Compared to your typical pasteurized makgeolli, this brew is thicker giving the mouthfeel a slightly more complex character. In terms of flavor, Jinro has made a very simple and easy to drink makgeolli; definitely the right way to go with a market unfamiliar with the product. (As I mentioned in my post titled Makgeolli in the USA, I had to assure the woman at the checkout counter that I was not buying “Korean milk”.)
I was pleased to see that Jinro Makgulli doesn’t use aspartame. Or so I thought… The ingredients list includes something called phenylalanine, which, it turns out, is a key ingredient in aspartame. And yet, their website states, “No preservatives or artificial flavor.” Unfortunately, the phenylalanine is put on a bit thick making this brew fairly sweet.
I’m not saying that I like or would even recommend Jinro Makgulli but, when compared to the other readily available bottles in the US, I’d prefer to drink this.

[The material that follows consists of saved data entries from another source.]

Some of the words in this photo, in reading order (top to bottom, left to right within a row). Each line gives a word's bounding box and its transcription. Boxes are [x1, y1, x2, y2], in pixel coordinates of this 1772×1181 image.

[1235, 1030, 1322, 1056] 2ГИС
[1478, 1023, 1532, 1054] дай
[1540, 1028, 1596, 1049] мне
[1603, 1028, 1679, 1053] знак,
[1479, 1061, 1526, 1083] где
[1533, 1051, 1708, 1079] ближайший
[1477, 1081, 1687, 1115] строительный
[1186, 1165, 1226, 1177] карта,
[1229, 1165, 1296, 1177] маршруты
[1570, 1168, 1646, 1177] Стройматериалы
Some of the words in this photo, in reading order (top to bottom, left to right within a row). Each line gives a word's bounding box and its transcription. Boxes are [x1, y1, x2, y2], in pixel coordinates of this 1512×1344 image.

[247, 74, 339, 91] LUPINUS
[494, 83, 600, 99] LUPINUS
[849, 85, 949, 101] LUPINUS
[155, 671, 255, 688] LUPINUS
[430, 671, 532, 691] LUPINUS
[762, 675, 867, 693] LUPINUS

Smell: Faint oatsy, chalky scent.
BREWERY: Jinro (진로)
PURCHASED: Ashland, Oregon, USA, Market of Choice
AVAILABILITY: Jinro is importing this into the US and distributing it from their headquarters in LA. I haven’t seen it for sale in Korea.
ALCOHOL CONTENT: 6%
INGREDIENTS: Korean rice (100%), purified water, phenylalanine (read: aspartame)
VOLUME: 750 ml
OTHER FACTS: It’s interesting to see that Jinro has decided to call their product makgulli as there is an ongoing debate regarding how to Romanize the word makgeolli. I choose the latter spelling because it seems to be the most ubiquitous online, and yet, the matter is not settled. Variations like the ones represented on a survey from K-SUL range from makuly, makkolli, makguli, to the somewhat standardized makgeolli.